I'll end off with telling all the patient readers of this blog (ha!) why I have arm and hand pain. Ever heard of cervical radiculopathy of the c 7 vertebra? No? Next question. What happens to a person's pain alarm system when they have neuropathic pain for years?

These issues will be tackled in upcoming entries.

Monday, February 11, 2008

Day 6

Yesterday was one of the coldest, windiest days of the year. I stepped outside for a bit and a sensitive area of my anatomy almost froze off, thus my work workout was a no-go.

Here are my food totals for yesterday:

Calories: 1662
Carbs: 69
Protein: 141


My net carbs were in mid-fifties (net carbs are the total number of carbs minus fiber, glycerin and sugar alcohols). Damn, if it wasn't for that whole wheat bagel -- a cheat meal -- they would have been around 10!

Today is a day off so I'm studying for an exam and hitting the gym at noon.

In other news, its still ridiculously cold in this part of Hades.

Sunday, February 10, 2008

Day 5

I'm into day #5 and I've only cheated once (night of day 3?).

Courtesy of fitday.com, here are my food totals for yesterday.

Calories: 1543
Protein: 117
Carbs: 66

My net carb count was actually around 42-ish. I hope to bring that down to about 30 today.

As I worked out with weights yesterday, today will be more of a cardio and core day. I'm thinking of doing a circuit consisting of intervals on a spinning bike, walking lunges, pushups and "shovels".

Damn is it cold out there!

Friday, February 8, 2008

Fitday.com


As I've gained a belly and but over the last while, I've started to use my fitday.com account again. Fitday.com is a superb, easy-to-use and free diet tracking website.

I'm finishing up the third day of the velocity diet. Promoted on t-nation.com, the velocity diet is a super low-carb, reduced calorie all liquid diet. Let's be clear about something: 'aint no way that I'll be going 28 days without having solid meals, so I' modifying it by allowing myself 1 solid meal a day, usually baked salmon. As I desperately need fibre to keep regular I'll be supplementing my diet with benefibre and tons of raw spinach.

Wish me luck!

Friday, December 21, 2007

Journal entry for Dec 21st


This will be brief.

Woke up very early with a monster headache. Took Tylenol #3s and went back to sleep. Due to a lingering headache my get-up-and-lift has gotten-up-and-left, so I'll be taking fitness classes today and not lifting on my own. I'll aim for an afternoon pump/bootcamp class (using a 70lb barbell and 25lb dumbbells) and hopefully a spinning class.

Update

I skipped the boot camp class and did free weights and a spinning class instead. Not a bad workout for a guy who was on codeine most of the day

Wednesday, December 19, 2007

Its Been A Long Time


Its been a long time.

A lot has happened since my last post. A concussion and bruised spine, a trip to Greece, more courses, lots of work and overtime, and a wisdom tooth removal with subsequent sinus bleeding. Oh, and did I mention that my basement has become an environmental disaster due to a massive spill of residential heating oil (the cleanup will cost about $100,000. Thank goodness for insurance!).

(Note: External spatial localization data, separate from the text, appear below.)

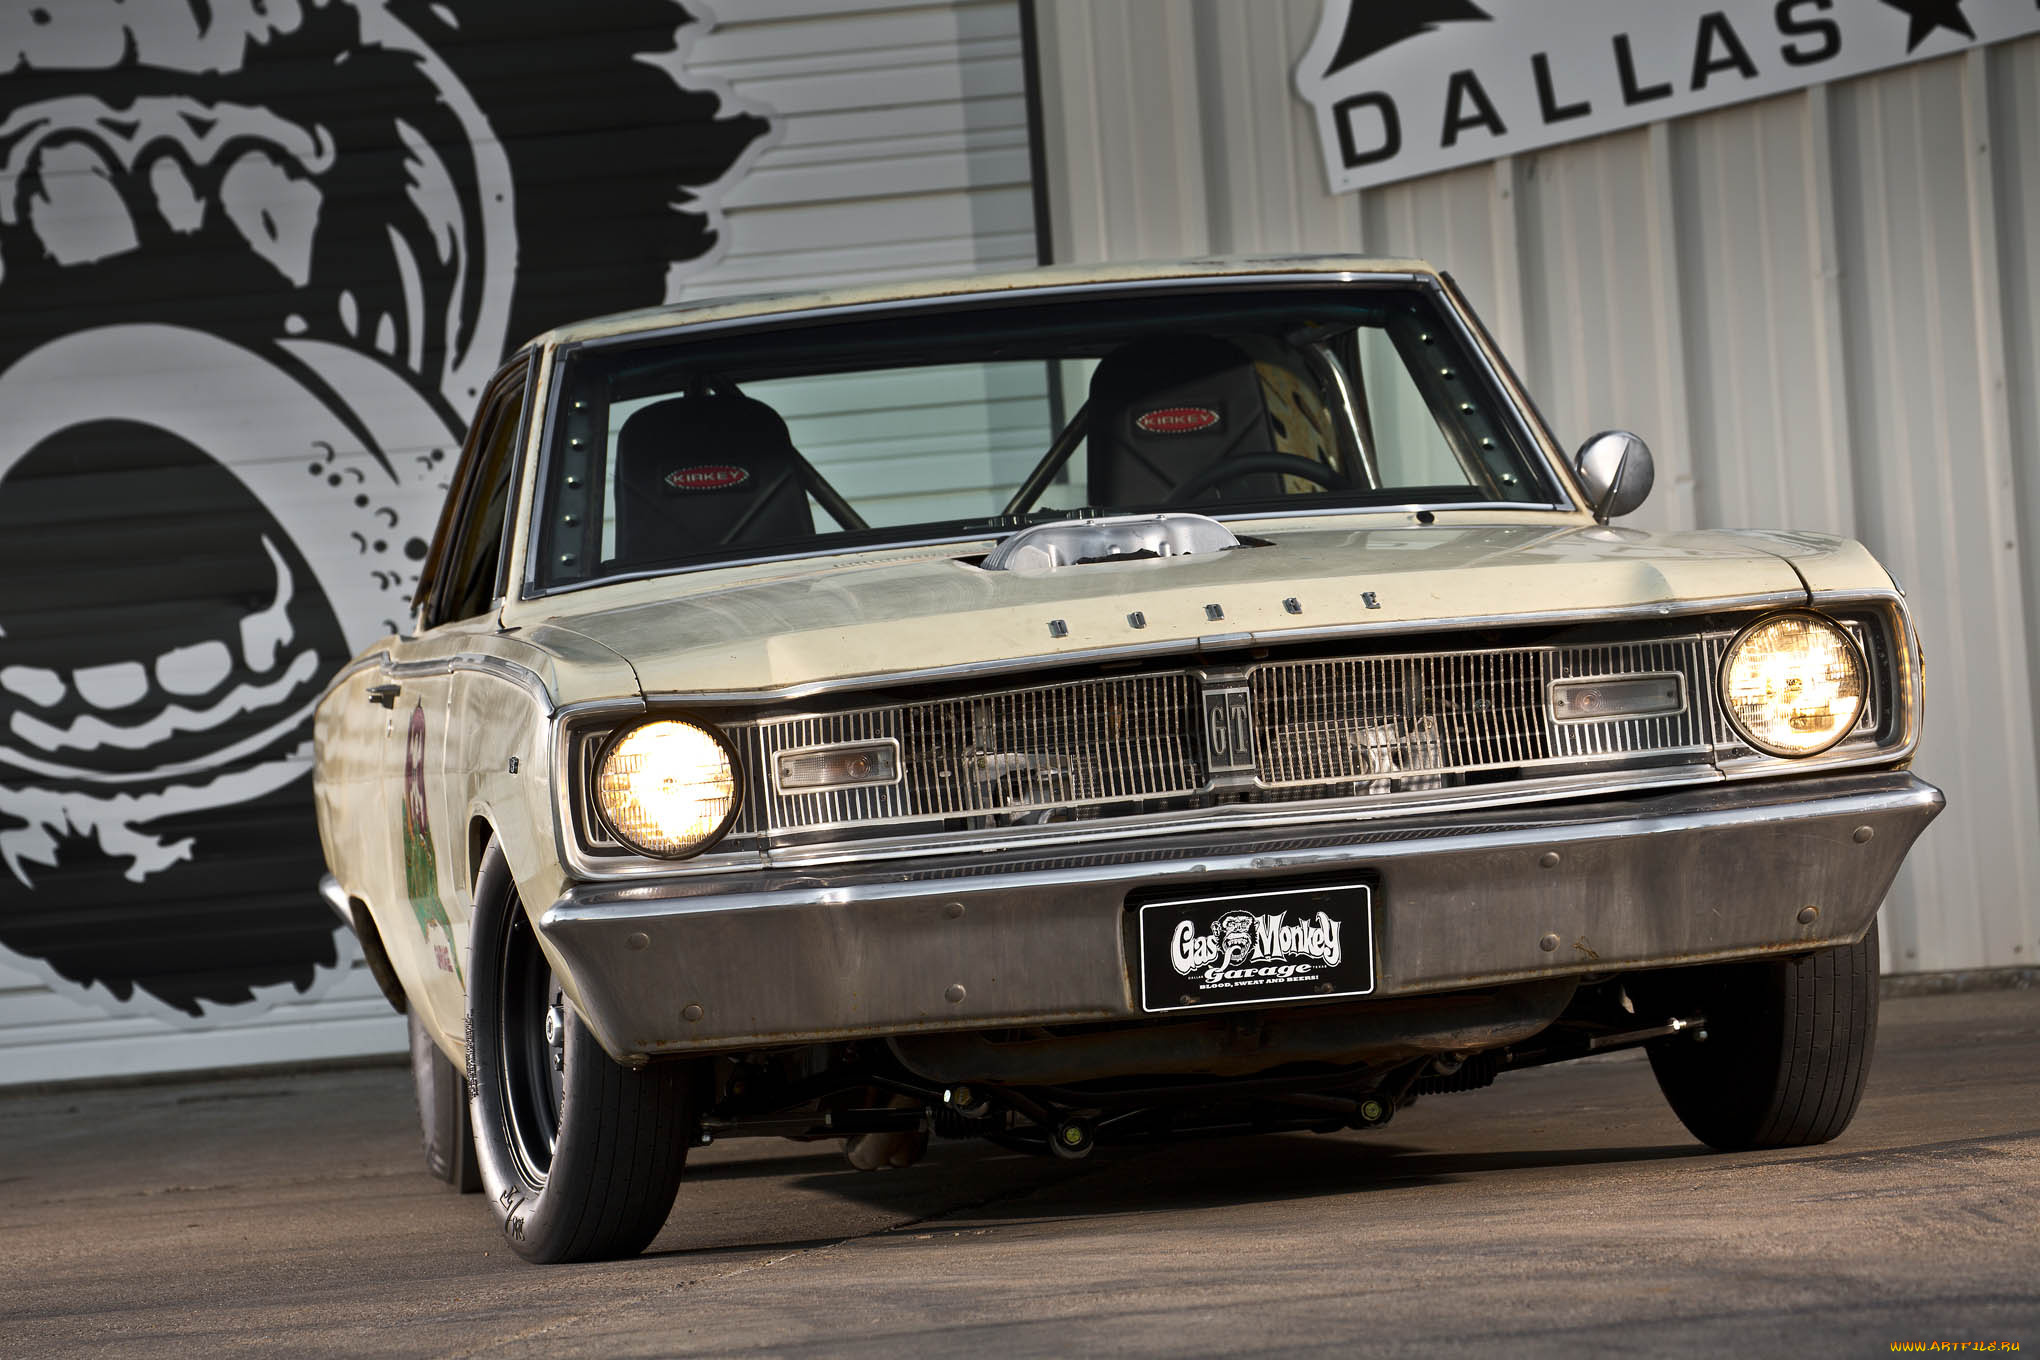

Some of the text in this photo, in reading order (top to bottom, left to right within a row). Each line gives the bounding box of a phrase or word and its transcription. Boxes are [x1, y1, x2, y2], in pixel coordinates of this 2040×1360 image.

[1332, 0, 1843, 169] DALLAS
[1144, 413, 1210, 425] KIRKEY
[673, 471, 739, 482] KIRKEY
[1209, 704, 1248, 755] GT
[1171, 910, 1342, 975] Gas Monkey
[1204, 963, 1312, 983] Garage
[1200, 981, 1234, 990] BLOOD,

One could use all these reasons as an excuse for not posting, but the real reason is that I’ve been procrastinating and that’s about to change.

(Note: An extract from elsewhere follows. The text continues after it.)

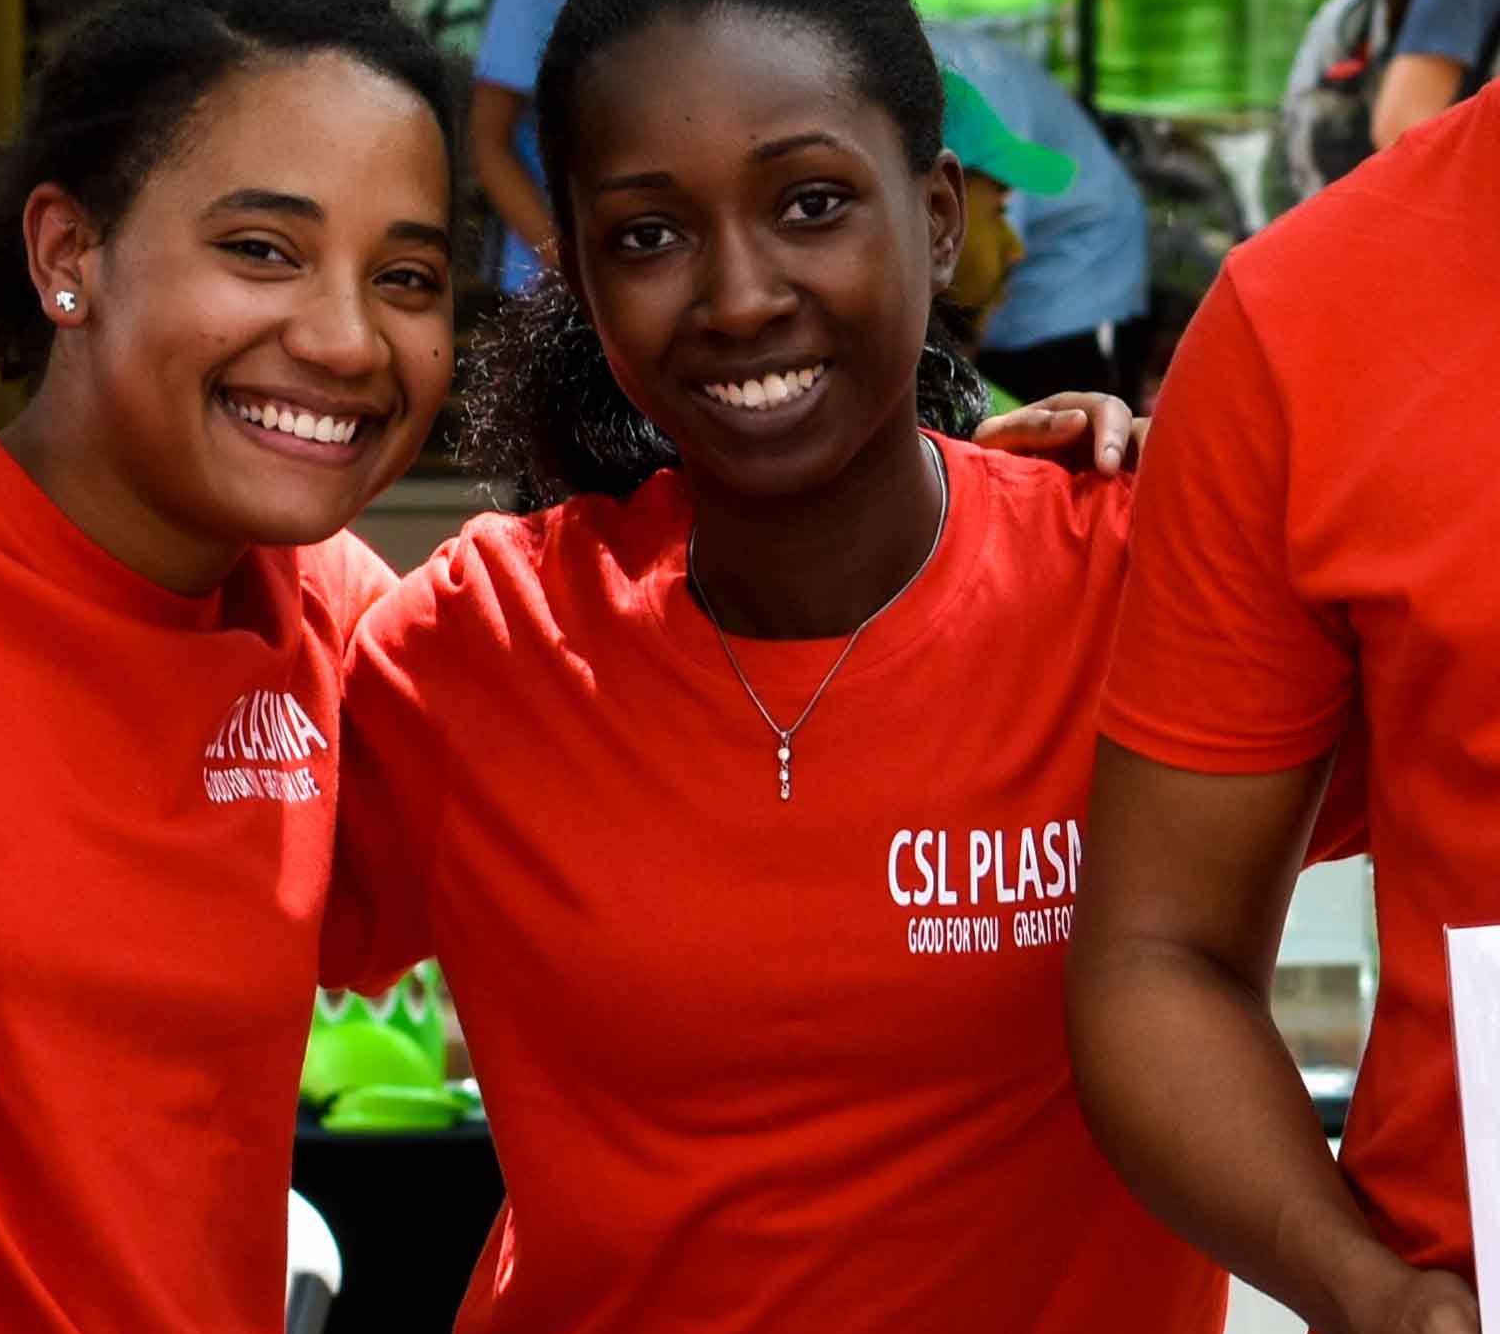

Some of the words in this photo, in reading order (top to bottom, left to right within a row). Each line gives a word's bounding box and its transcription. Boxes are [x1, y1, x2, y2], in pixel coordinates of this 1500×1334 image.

Consider this the first volley in the war against procrastination.


Post-script: The weather is horrible in Toronto. Cold, windy, with the sun hiding for days on end. That's why I spend so much time looking over my vacation pictures. Have a look at this beach I was at in a remote part of Crete.

Balos

Saturday, July 21, 2007

Acupuncture funny video

There have been a few posts on this blog that have mentioned acupuncture as a possible way to overcome certain workout injuries. Here's a funny take on an acupuncture treatment gone wrong.

Enjoy!



Friday, July 20, 2007

Journal

Finished 4 days -- 26 more to go

The first 4 days of this no starch/no grains regime are done and I'm doing well. My workouts, now adjusted to circuit training with weights, have been running along smoothly as well.

Tonight's workout will consist of 2 parts.

The first part will consist of 4 compound movements done with no rest in between the different exercises. I'm thinking box squats, weighted pull-ups, shoulder press, and a core exercise. All will be done in a hi-rep scheme and I'll give myself a minute break at the end of each round. This will be repeated 5 times.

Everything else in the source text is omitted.